I inherited it from my mother.

She had a stare that cut into me and a booming voice to match. She used this look with her elementary school students, with my brothers and me, even with the cats. It was an expression that said, “Don’t. You. Dare.”

I studied this look, cultivated my own, practiced it in the mirror. I was trying to achieve that perfect, paradoxical mix of expressionlessness and intensity—every part of my face was still, as my eyes tried to bore holes into my targets. My mother’s was a withering glare, meant to freeze us in place and reconsider whatever mess we were making. But unlike her, I rarely placed eye contact on the objects of my intention. My look was a deflector: I wore it in the halls at school, and now I wear it at night, while I’m out running, and often when I pass men on the street, even in the light of day.

But wearing the look can backfire. It invites bold commentators—always men. You should smile. Give me a smile. Women everywhere have heard some version of this. It’s like we owe it to them: our faces, our selves.

***

Despite the inner fire I’d nurtured from a young age, I was always a quiet, conscientious student. I wanted to be good and do well, but under the surface I was also trying to uncover and harness my power. In junior year of high school, in 2003, I was enrolled in a required course vaguely called “Computers.” I dreaded it because technology didn’t come naturally to me and I didn’t know anyone in the class, but I dreaded it most of all because of the teacher, Mr. L. On the first day of class, Mr. L called out our names and not only pronounced my surname correctly, which was rare, but he also added a little extra French flair.
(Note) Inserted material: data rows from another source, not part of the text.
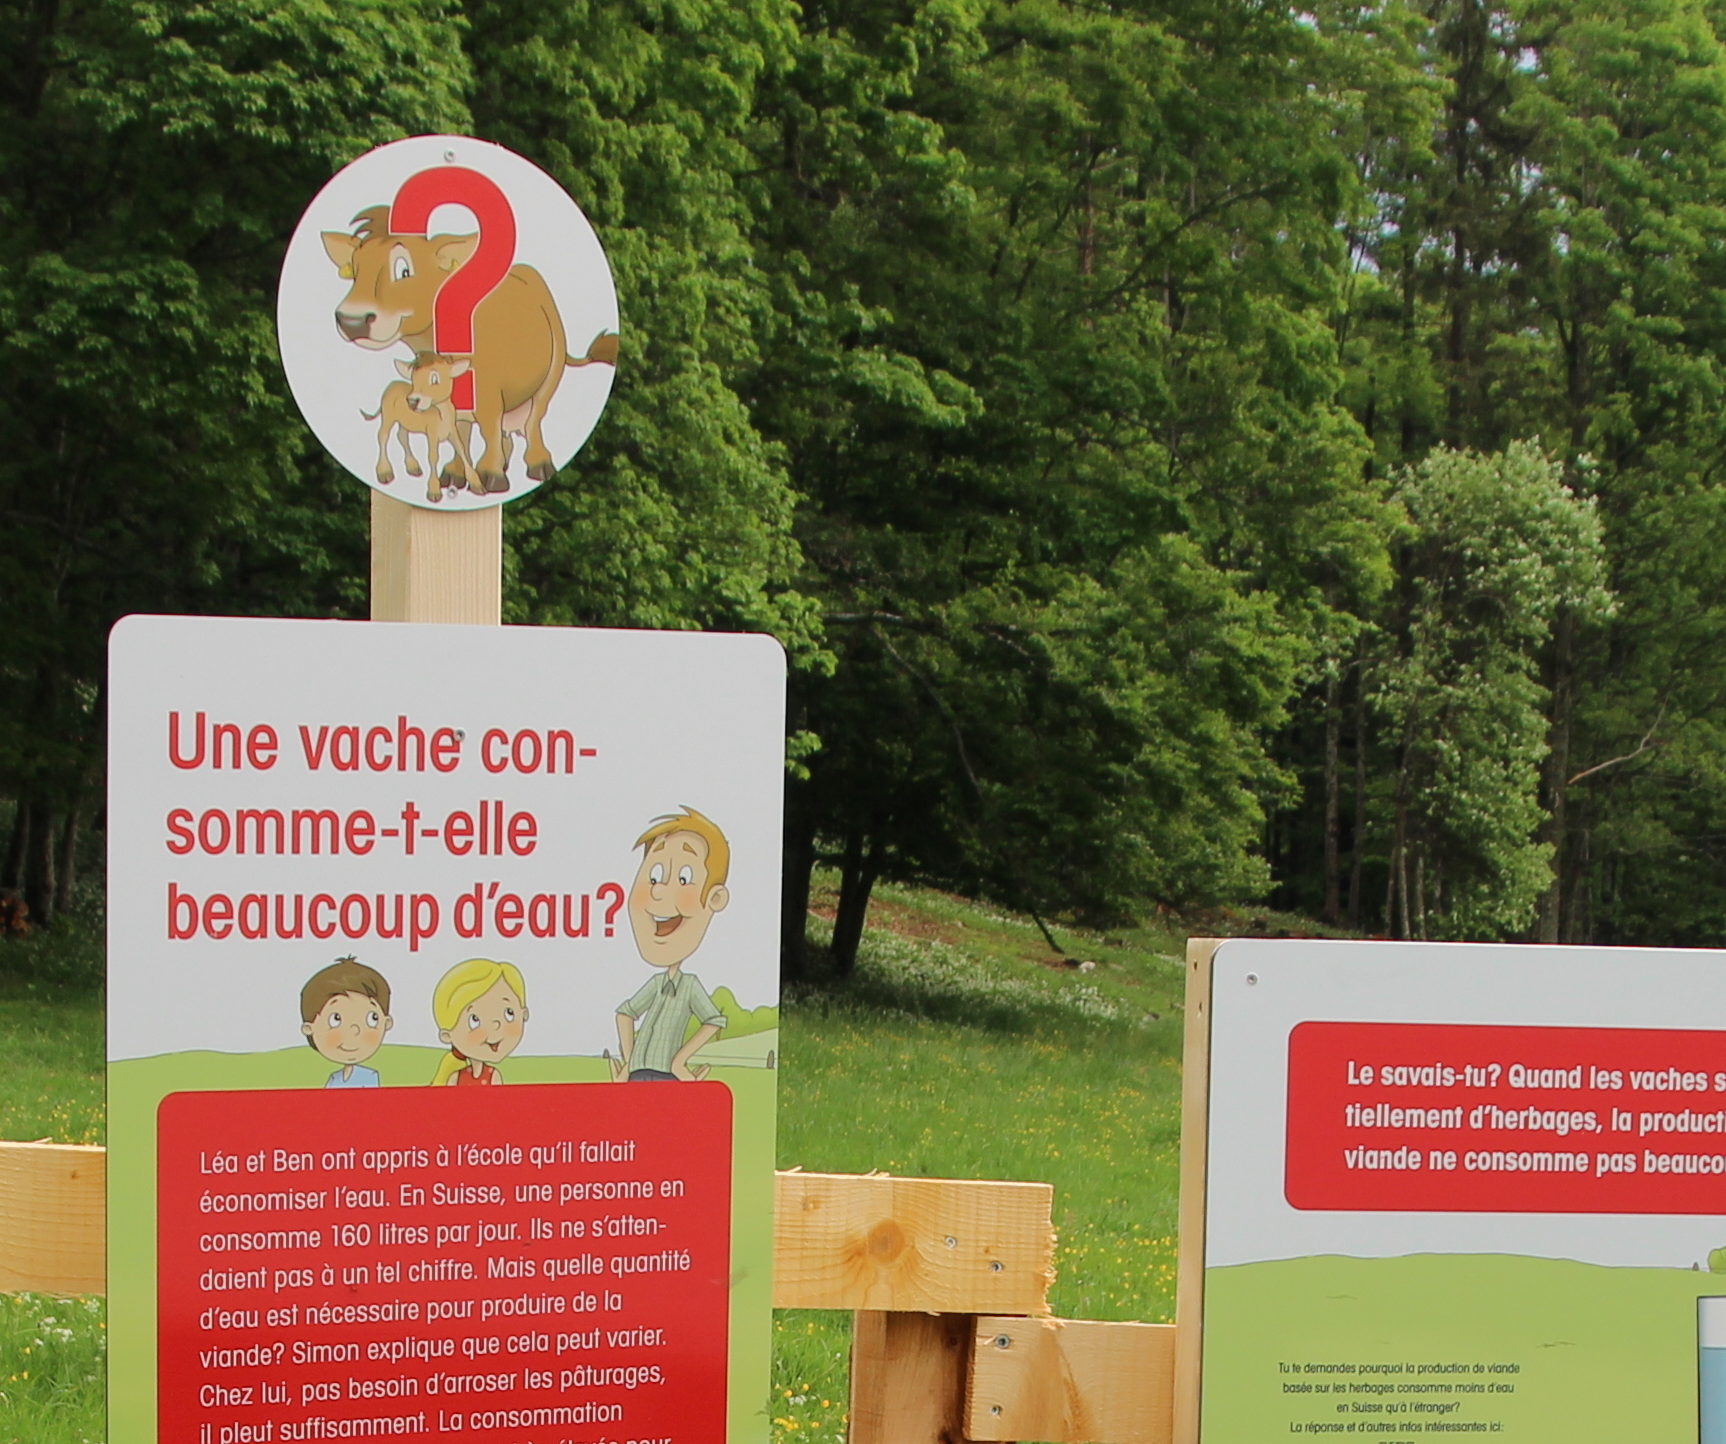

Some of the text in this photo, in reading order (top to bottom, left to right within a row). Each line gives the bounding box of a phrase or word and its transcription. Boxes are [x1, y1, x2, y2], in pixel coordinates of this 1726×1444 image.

[168, 711, 597, 775] Une vache con-
[165, 799, 538, 857] somme-t-elle
[167, 881, 625, 953] beaucoup d'eau?
[1347, 1060, 1374, 1086] Le
[1380, 1062, 1502, 1088] savais-tu?
[1508, 1063, 1582, 1090] Quand
[1589, 1065, 1623, 1090] les
[1629, 1067, 1708, 1092] vaches
[1345, 1102, 1464, 1129] tiellement
[1469, 1104, 1603, 1136] d'herbages,
[1611, 1107, 1632, 1132] la
[200, 1139, 636, 1174] Léa et Ben ont appris à l'école qu'il fallait
[1344, 1145, 1422, 1170] viande
[1428, 1150, 1457, 1171] ne
[1464, 1151, 1589, 1173] consomme
[1595, 1153, 1637, 1178] pas
[199, 1214, 667, 1253] consomme 160 litres par jour. Ils ne s'atten-
[1278, 1361, 1521, 1376] Tu te demandes pourquoi la production de viande
[1282, 1382, 1313, 1394] basée
[1314, 1383, 1331, 1394] sur
[1332, 1382, 1347, 1394] les
[1348, 1382, 1395, 1396] herbages
[1396, 1383, 1453, 1394] consomme
[1454, 1382, 1486, 1394] moins
[1336, 1403, 1350, 1414] en
[1351, 1401, 1384, 1413] Suisse
[1289, 1421, 1302, 1433] La
[1304, 1421, 1345, 1435] réponse
[1346, 1422, 1357, 1433] et
[1398, 1421, 1423, 1433] infos
[1424, 1421, 1488, 1433] intéressantes
[1489, 1421, 1504, 1433] ici:
He turned to me and asked, “Do you know Manon Rheaume?”

I did not.

Later that day he called me over to his desk, having pulled up a picture of the female French-Canadian hockey player on his computer.

I hovered an appropriate distance away from him, about two feet, and leaned down a bit to squint at the image. “Cool,” I said. I frowned and nodded to show mild interest and returned to my seat. At the time I interpreted it not just as an overfamiliarity but an invasion, like he was saying he not only knew me but knew things about me I didn’t know. That I should know.
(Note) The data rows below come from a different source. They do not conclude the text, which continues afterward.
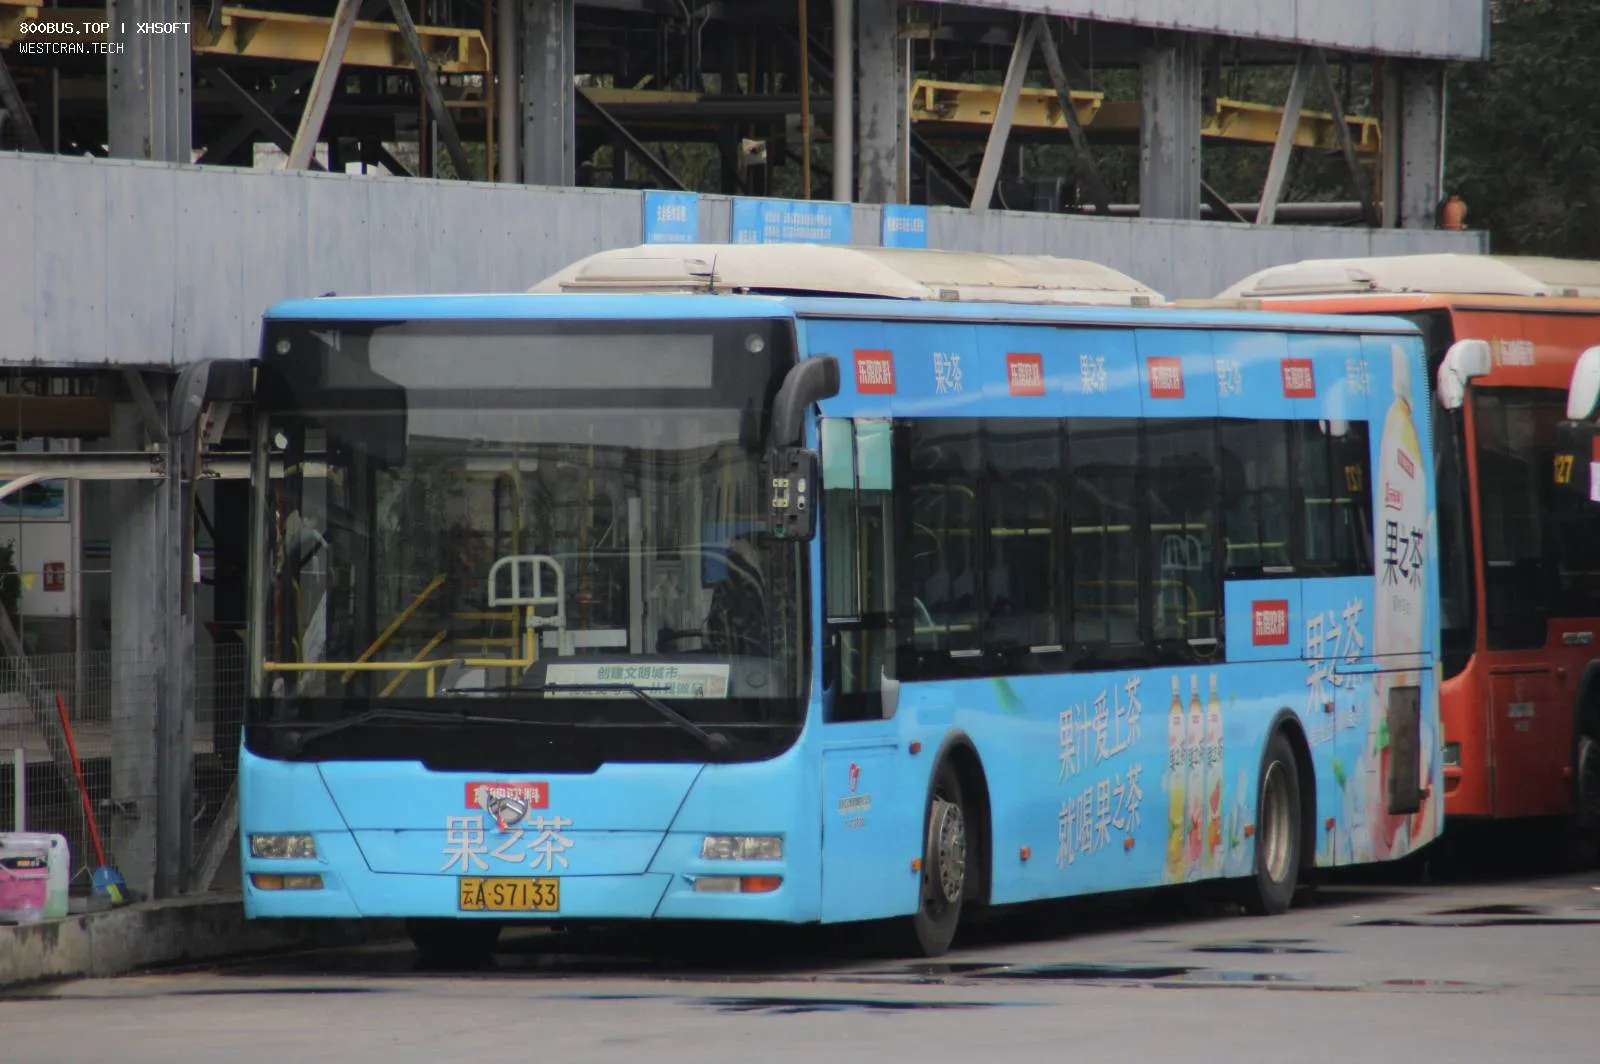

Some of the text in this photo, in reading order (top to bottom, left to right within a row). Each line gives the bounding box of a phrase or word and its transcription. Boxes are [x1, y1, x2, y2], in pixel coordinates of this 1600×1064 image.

[932, 351, 963, 394] 果之茶
[1381, 519, 1424, 590] 果之茶
[596, 665, 680, 681] 创建文明城市
[1305, 595, 1365, 717] 果之茶
[1057, 673, 1143, 784] 果汁爱上茶
[439, 814, 576, 873] 果之茶
[1055, 761, 1144, 871] 就喝果之茶
It was harmless, but I couldn’t stand the extra attention. His eyes lingered a little too long on certain students, including me. I didn’t want to be near him. I couldn’t let him think that I wanted that attention, I thought as I sat in class afterward. I hated it.

Several computer classes later, it was the thought of his attention combined with my disdain for it that arranged my face into that look, almost subconsciously but not quite. I sat, half-twisted in my seat, as I angled an ear toward him to listen to his lecture. I felt the tightening across my cheeks, my lips; my eyes focused on the wall.

He noticed. He stopped lecturing, and said to me, “I’d like to slap that look off your face.”

I dared myself to stare into his eyes. It registered that he was referring to me, and that look fell away. I was too stunned to speak. None of the other students reacted. No one came to my aid, no one laughed; it was oddly still. We were used to hearing reprimands for students behaving badly. But this was different. I don’t think any of us knew what to expect next. I remember him walking back around his desk and my recoiling and twisting back to face my monitor. He read off the assignment, which we were all to work on, silently. I pretended to take notes, do the work, while I wondered what to do, the teacher at his desk behind me, my face hot, too hot to bear. The fear froze me in place, like I shouldn’t make any sudden movements, that I should make myself quiet and small—that I should make myself invisible.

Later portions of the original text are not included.